TASK TO CARRY OUT:
Exact copy, no pictures: return all the records as they stand.

START SOURCE DATA

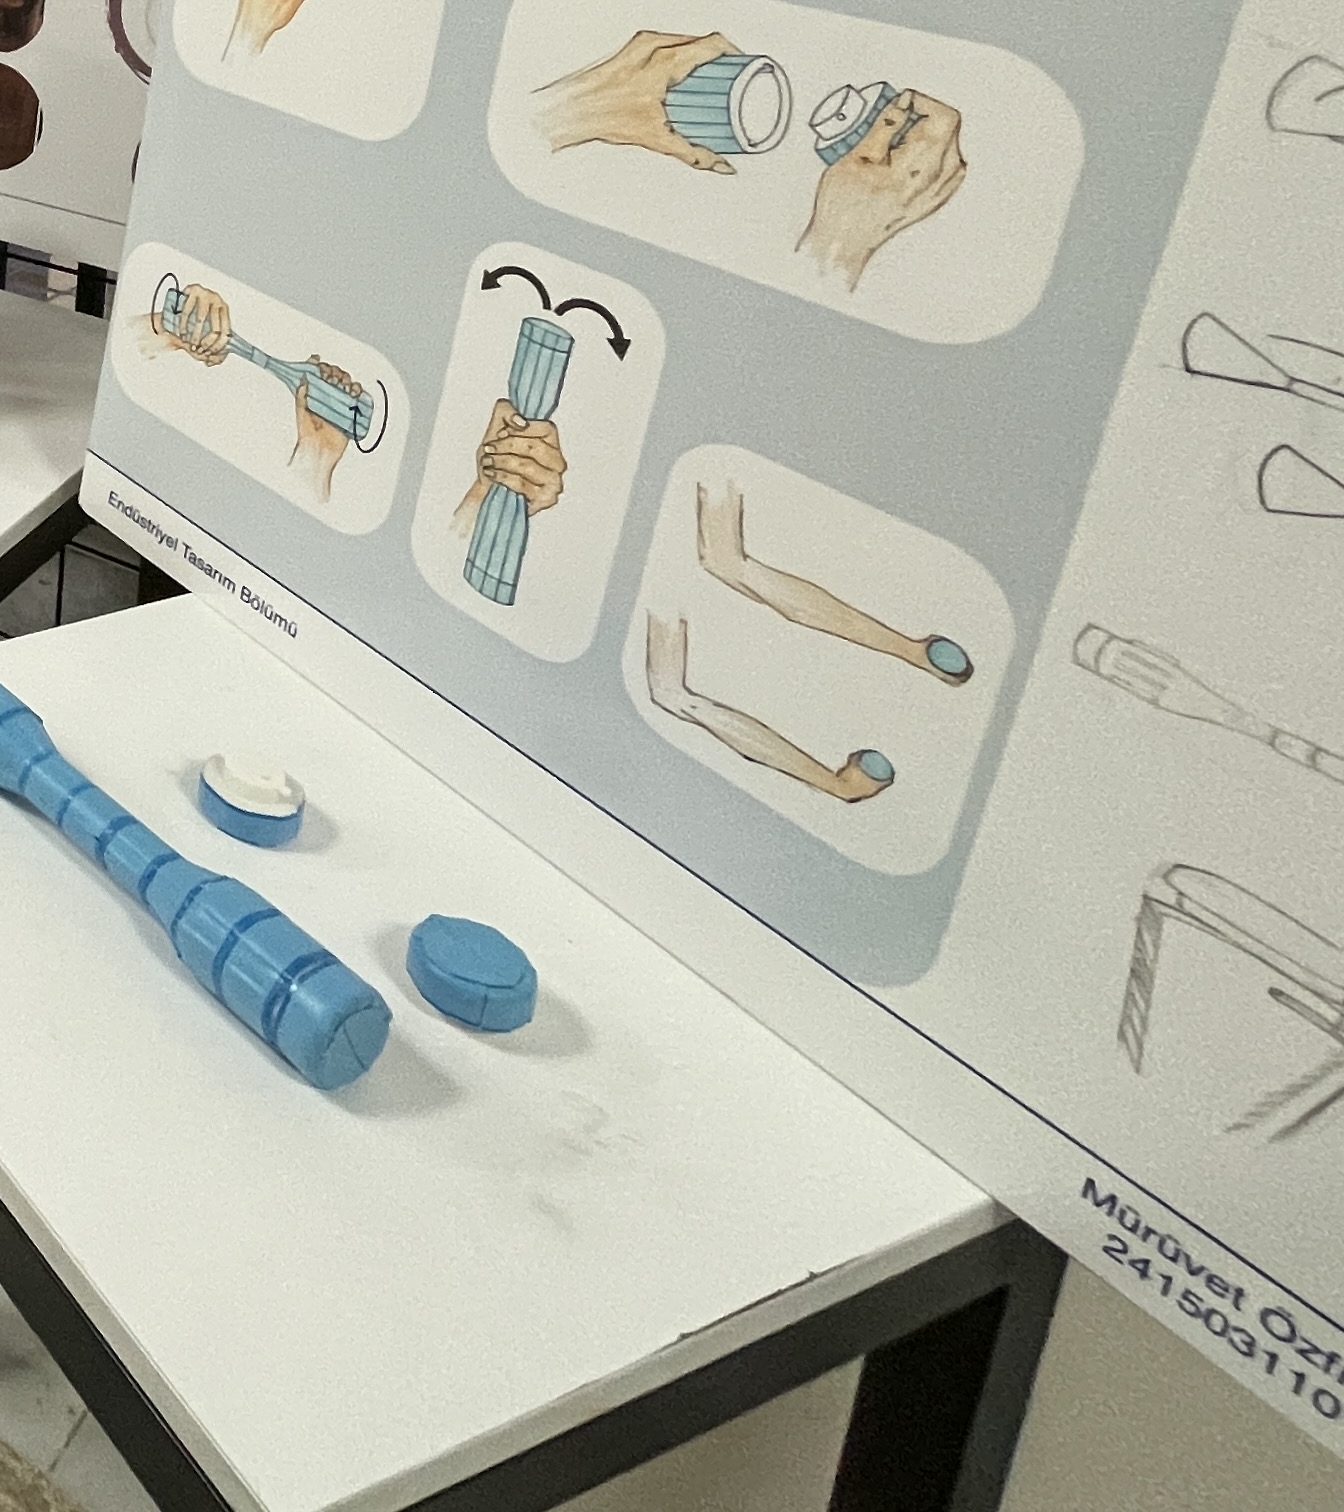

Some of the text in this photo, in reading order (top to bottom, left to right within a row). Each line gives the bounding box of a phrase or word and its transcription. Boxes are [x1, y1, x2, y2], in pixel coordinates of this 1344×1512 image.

[107, 490, 299, 639] Endüstriyel Tasarım Bölümü
[1080, 1176, 1246, 1312] Mürüvet
[1101, 1233, 1343, 1420] 241503110
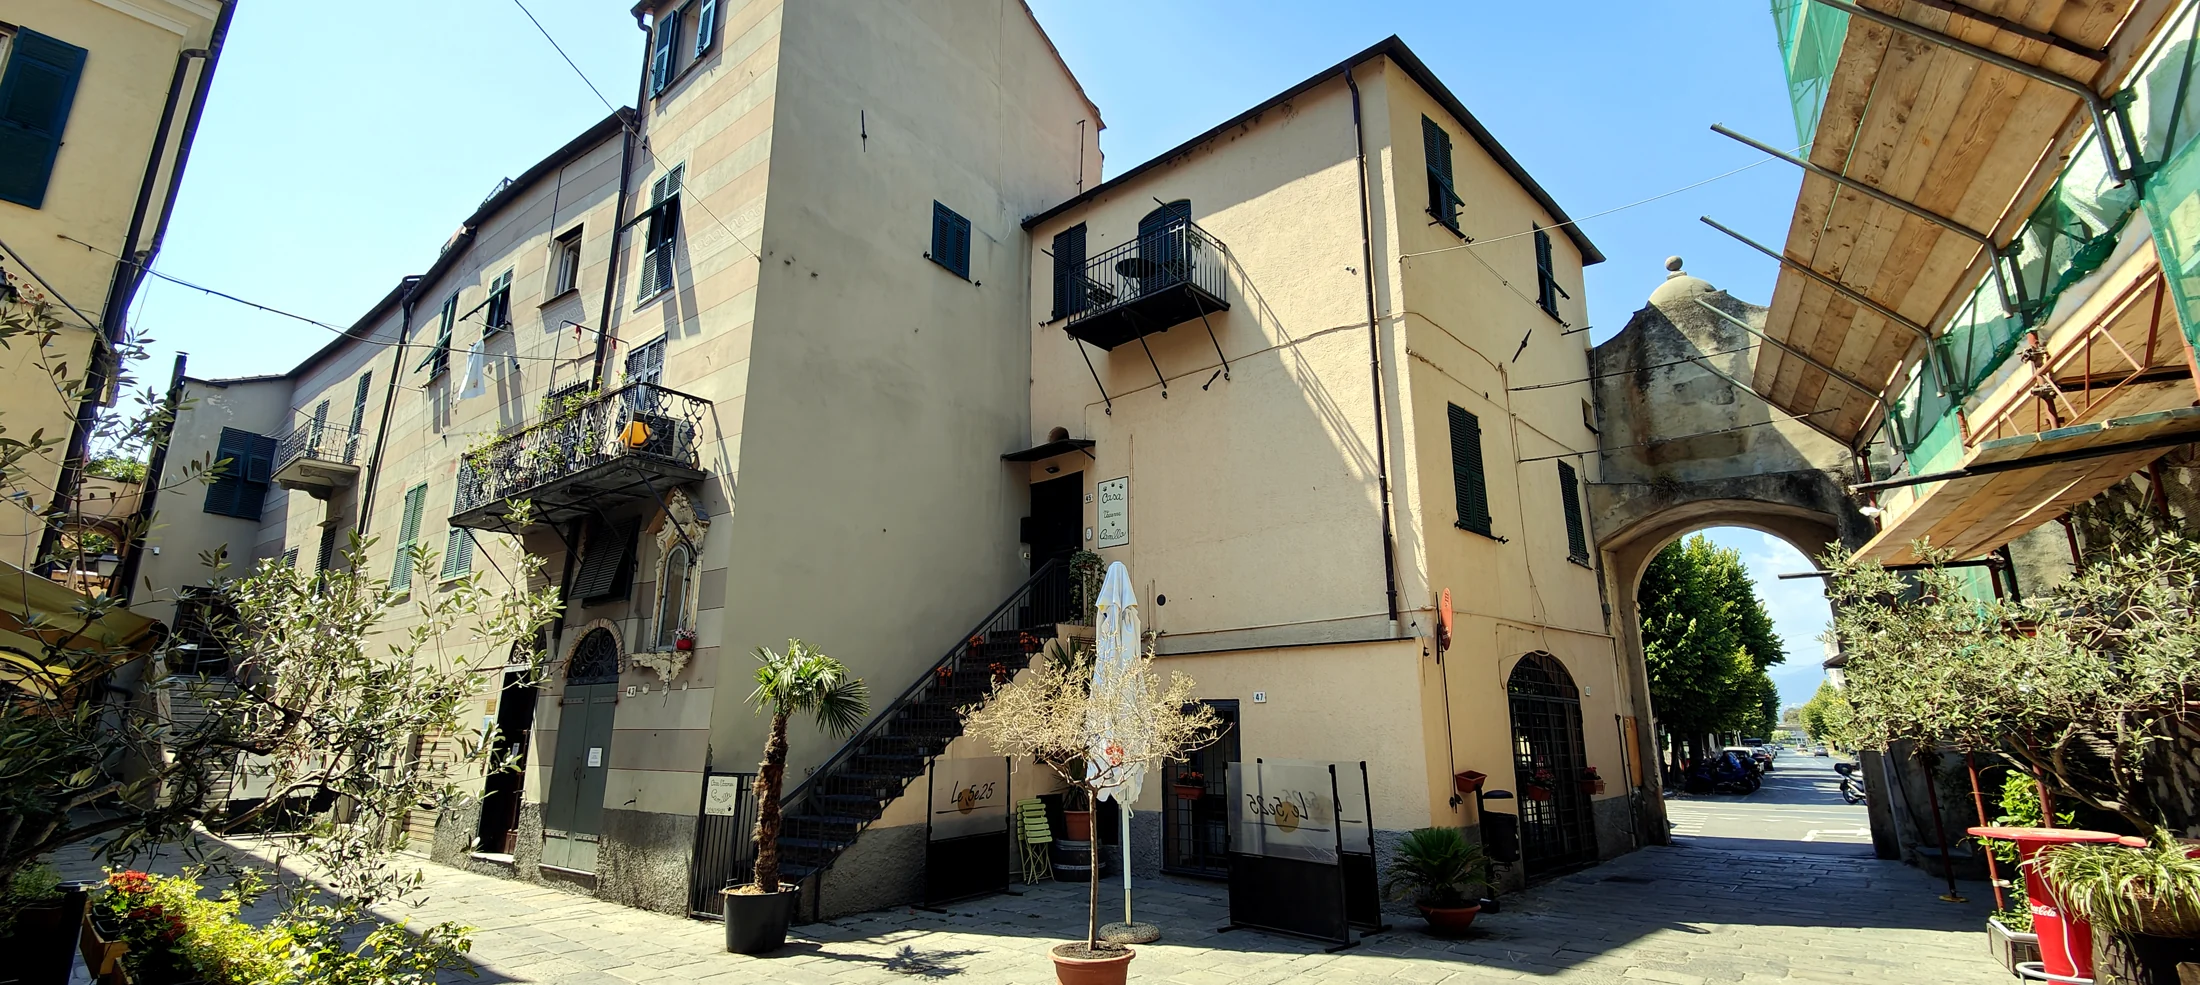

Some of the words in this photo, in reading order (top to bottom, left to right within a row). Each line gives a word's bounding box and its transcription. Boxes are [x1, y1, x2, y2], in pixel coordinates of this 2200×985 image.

[1102, 492, 1123, 503] Casa
[1100, 528, 1126, 540] Camilla
[1255, 693, 1264, 701] 47
[951, 780, 963, 804] Le
[968, 782, 996, 802] 5e25
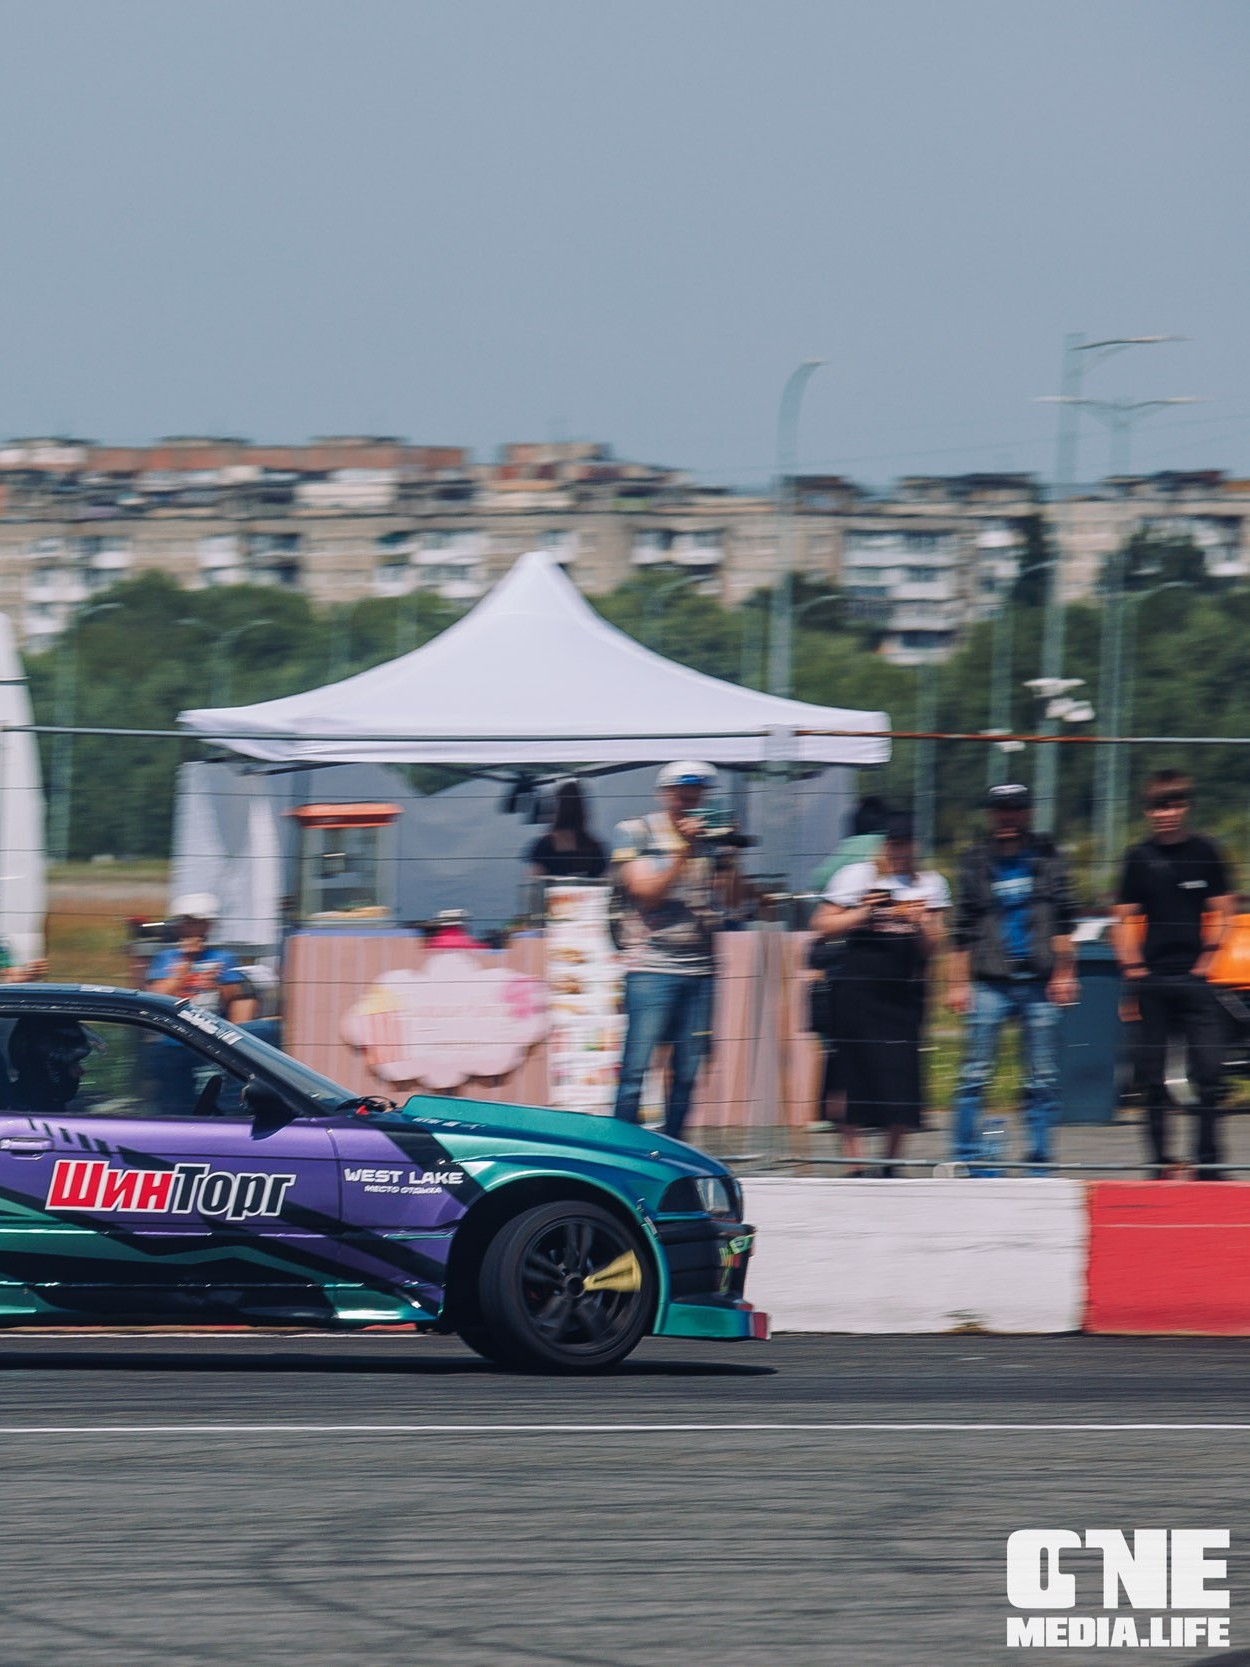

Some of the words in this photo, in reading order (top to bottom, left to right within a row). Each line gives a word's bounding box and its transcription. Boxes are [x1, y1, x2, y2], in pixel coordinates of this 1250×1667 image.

[343, 1168, 403, 1183] WEST
[409, 1171, 464, 1185] LAKE
[45, 1159, 295, 1220] ШинТорг
[364, 1185, 399, 1194] МЕСТО
[400, 1186, 443, 1195] ОТДЫХА

END SOURCE DATA

TASK OUTPUT:
Some of the text in this photo, in reading order (top to bottom, left to right within a row). Each line gives the bounding box of a phrase or word and its transcription. Boxes are [x1, y1, x2, y2], in pixel coordinates of this 1344×1512 image.

[107, 490, 299, 639] Endüstriyel Tasarım Bölümü
[1080, 1176, 1246, 1312] Mürüvet
[1101, 1233, 1343, 1420] 241503110

Some of the words in this photo, in reading order (top to bottom, left to right within a row). Each line gives a word's bounding box and its transcription. Boxes are [x1, y1, x2, y2], in pixel coordinates of this 2200×985 image.

[1102, 492, 1123, 503] Casa
[1100, 528, 1126, 540] Camilla
[1255, 693, 1264, 701] 47
[951, 780, 963, 804] Le
[968, 782, 996, 802] 5e25

Some of the words in this photo, in reading order (top to bottom, left to right within a row). Each line gives a word's bounding box and its transcription. Boxes are [x1, y1, x2, y2], in pixel coordinates of this 1250×1667 image.

[343, 1168, 403, 1183] WEST
[409, 1171, 464, 1185] LAKE
[45, 1159, 295, 1220] ШинТорг
[364, 1185, 399, 1194] МЕСТО
[400, 1186, 443, 1195] ОТДЫХА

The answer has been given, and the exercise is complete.